The listing must be copied out in full and exactly; no images go with it.

───── RECORDS PROVIDED

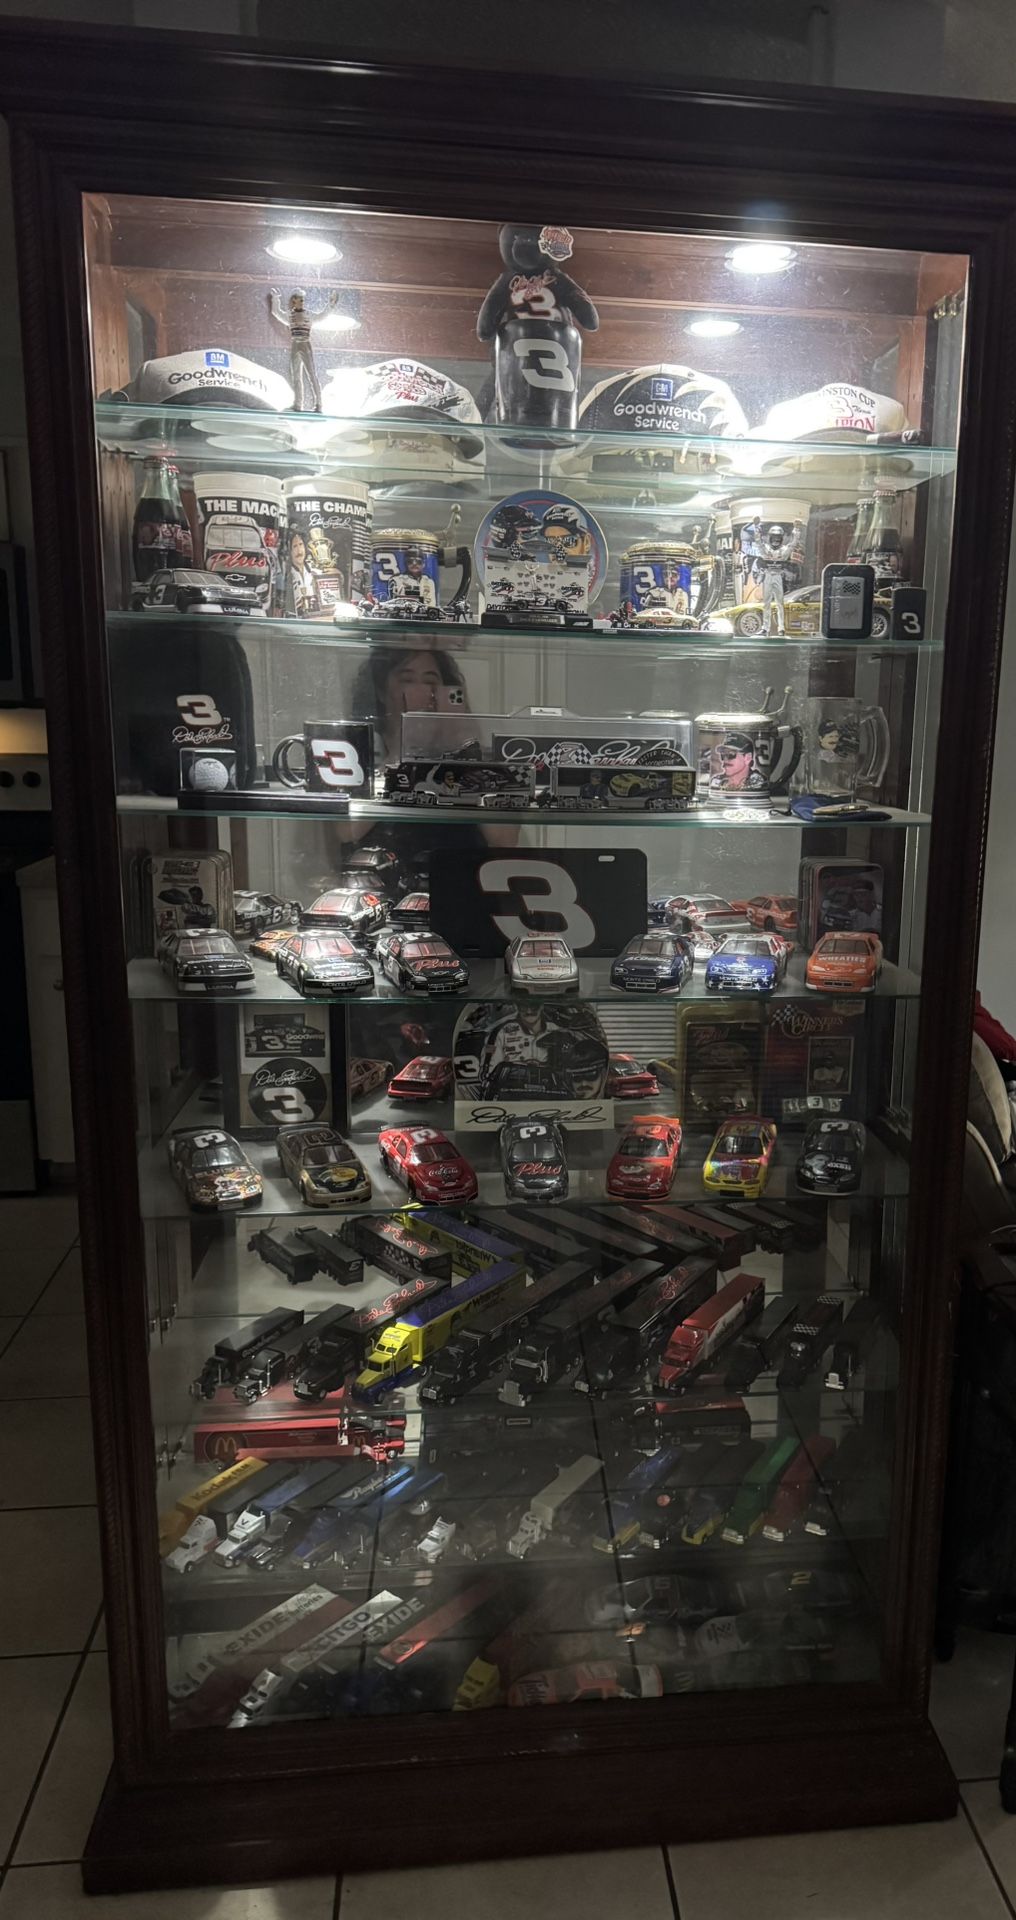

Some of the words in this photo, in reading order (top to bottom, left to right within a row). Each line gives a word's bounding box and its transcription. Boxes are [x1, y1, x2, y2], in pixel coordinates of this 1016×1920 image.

[511, 286, 561, 322] 3
[514, 339, 575, 392] 3
[858, 393, 876, 408] CUP
[613, 402, 706, 424] Goodwrench
[634, 416, 680, 430] Service
[204, 500, 238, 512] THE
[294, 501, 320, 511] THE
[208, 551, 267, 572] Plus
[375, 553, 400, 581] 3
[634, 566, 657, 595] 3
[902, 612, 921, 634] 3
[176, 694, 223, 726] 3
[311, 739, 365, 786] 3
[397, 773, 409, 784] 3
[479, 859, 596, 949] 3
[415, 959, 460, 972] Plus
[261, 1036, 284, 1050] 3
[453, 1055, 479, 1078] 3
[263, 1087, 315, 1122] 3
[511, 1161, 562, 1178] Plus
[790, 1571, 812, 1585] 2
[365, 1597, 426, 1642] EXIDE
[224, 1612, 289, 1655] EXIDE
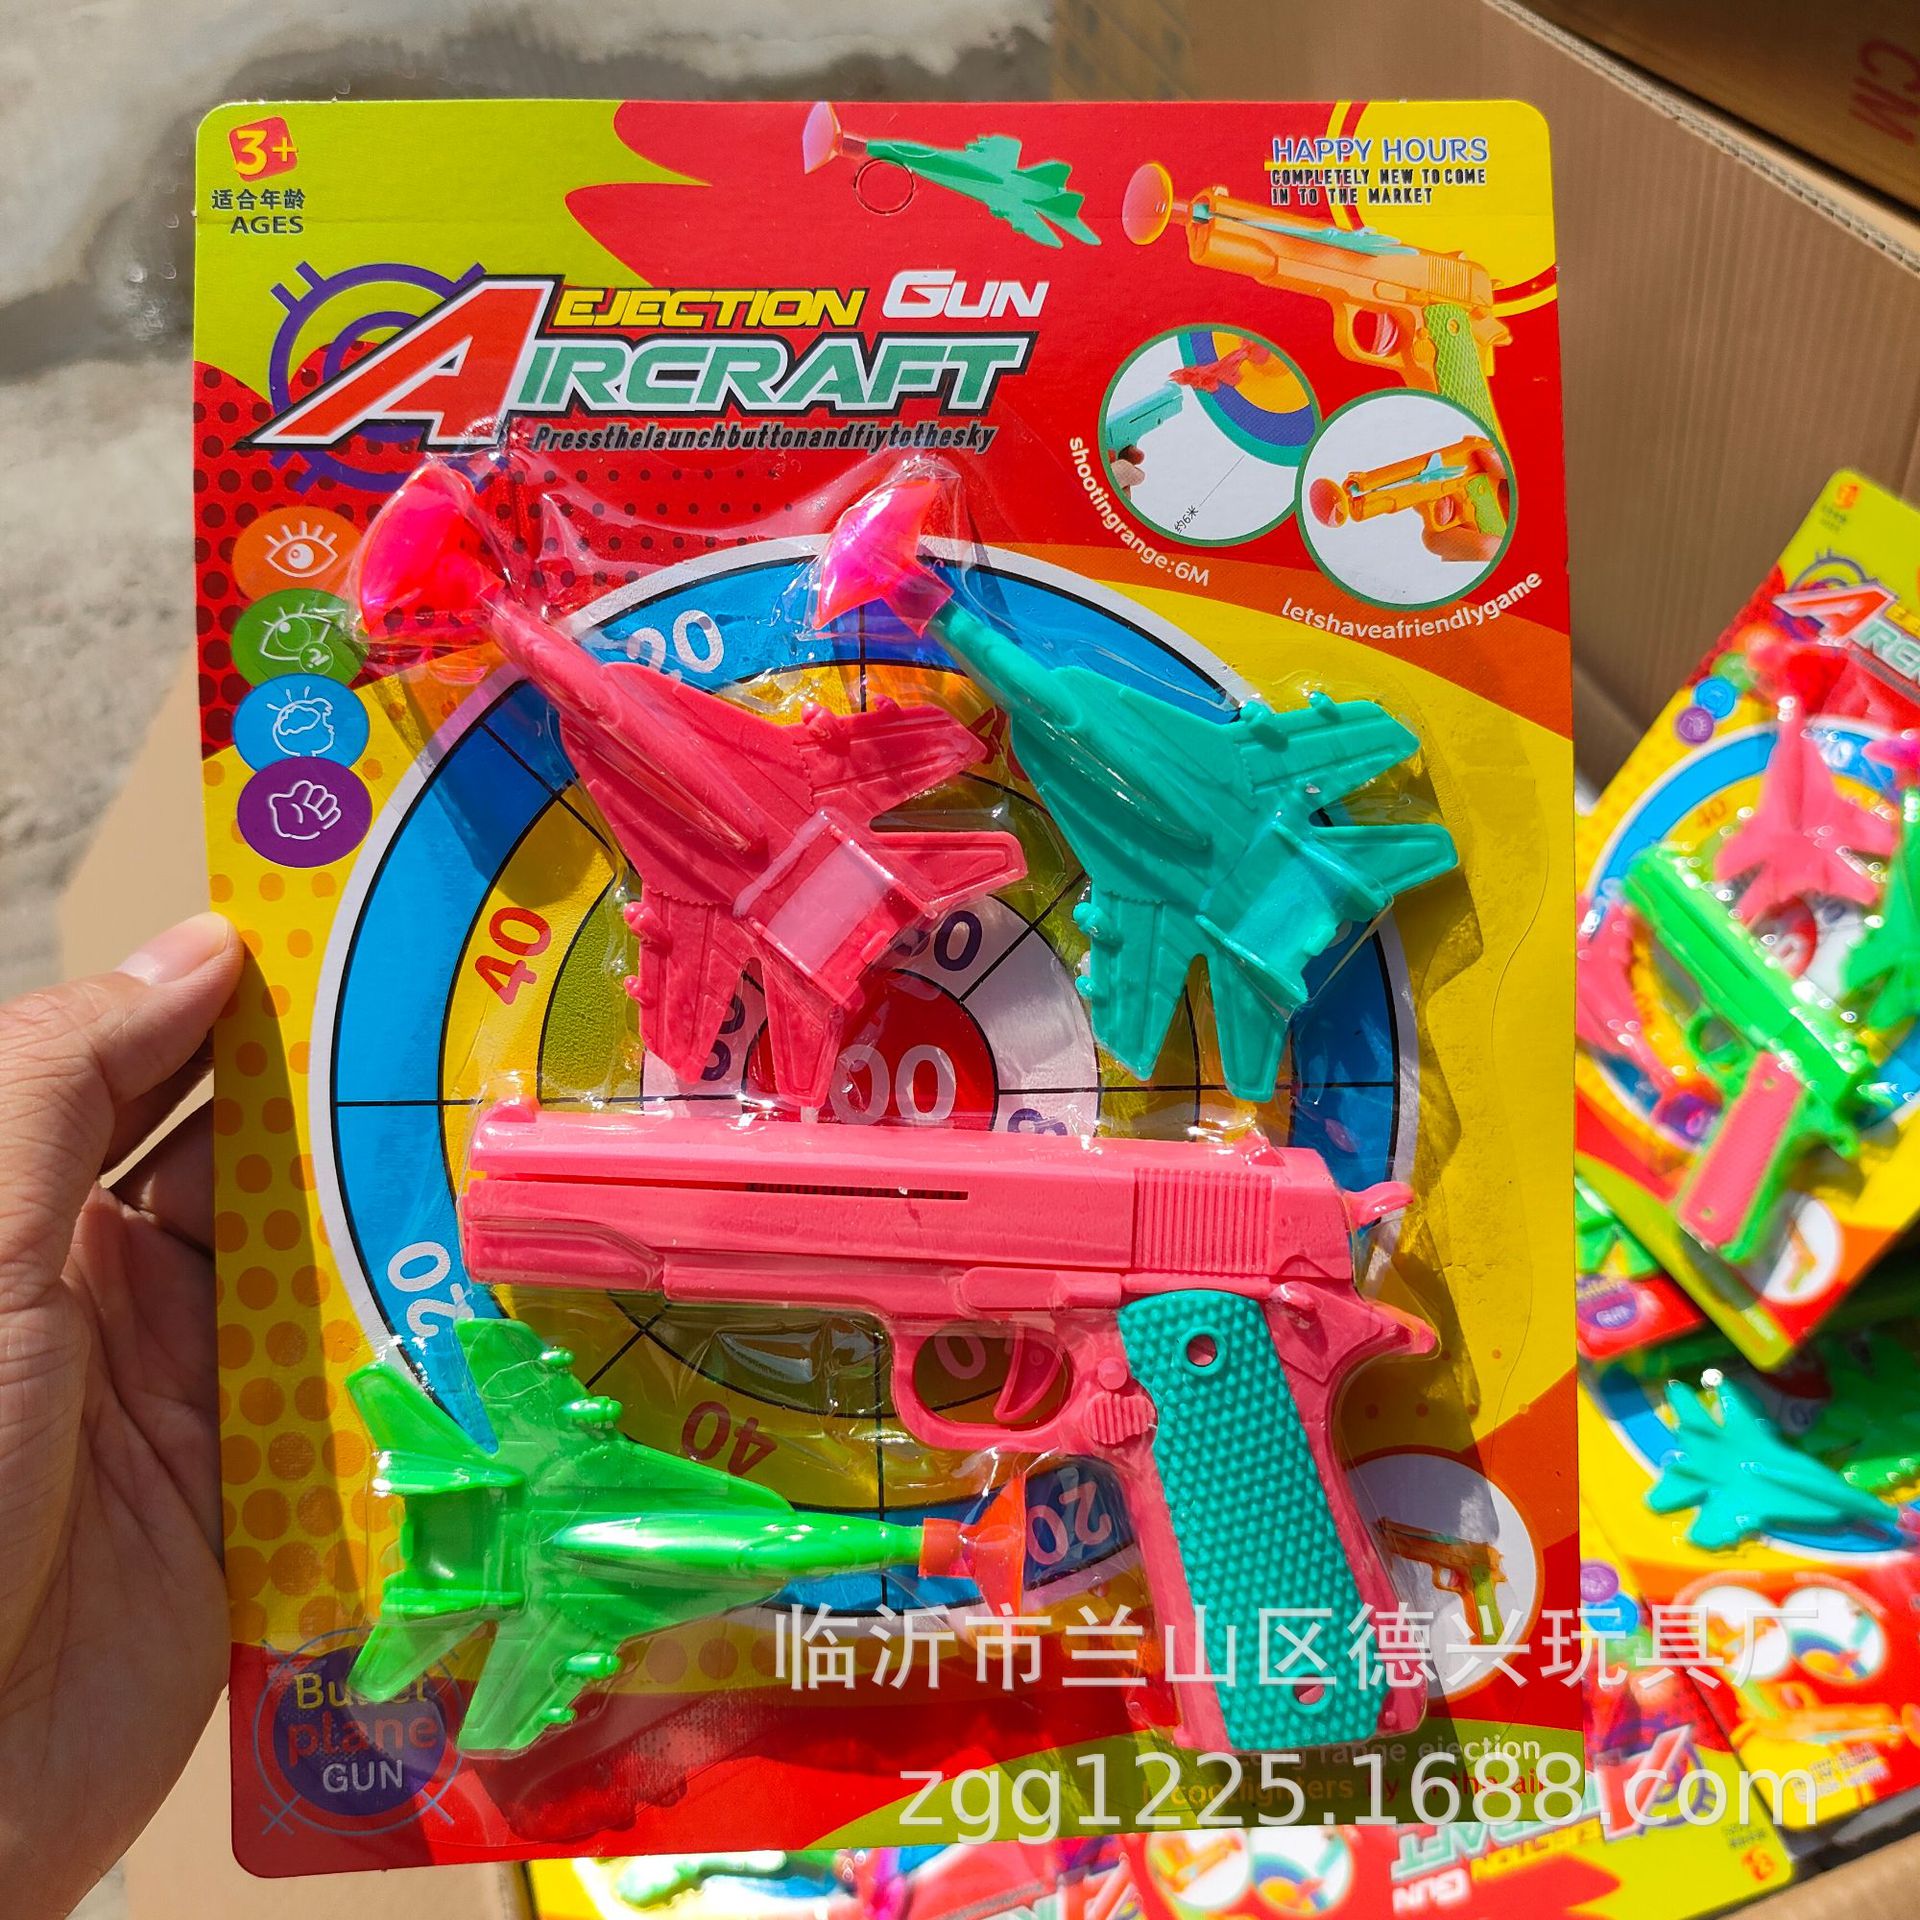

──────────

▸ **ANSWER BOX**:
Some of the words in this photo, in reading order (top to bottom, left to right within a row). Each line gives a word's bounding box and its transcription. Boxes are [x1, y1, x2, y2], in pixel coordinates of this 1016×1920 image.

[511, 286, 561, 322] 3
[514, 339, 575, 392] 3
[858, 393, 876, 408] CUP
[613, 402, 706, 424] Goodwrench
[634, 416, 680, 430] Service
[204, 500, 238, 512] THE
[294, 501, 320, 511] THE
[208, 551, 267, 572] Plus
[375, 553, 400, 581] 3
[634, 566, 657, 595] 3
[902, 612, 921, 634] 3
[176, 694, 223, 726] 3
[311, 739, 365, 786] 3
[397, 773, 409, 784] 3
[479, 859, 596, 949] 3
[415, 959, 460, 972] Plus
[261, 1036, 284, 1050] 3
[453, 1055, 479, 1078] 3
[263, 1087, 315, 1122] 3
[511, 1161, 562, 1178] Plus
[790, 1571, 812, 1585] 2
[365, 1597, 426, 1642] EXIDE
[224, 1612, 289, 1655] EXIDE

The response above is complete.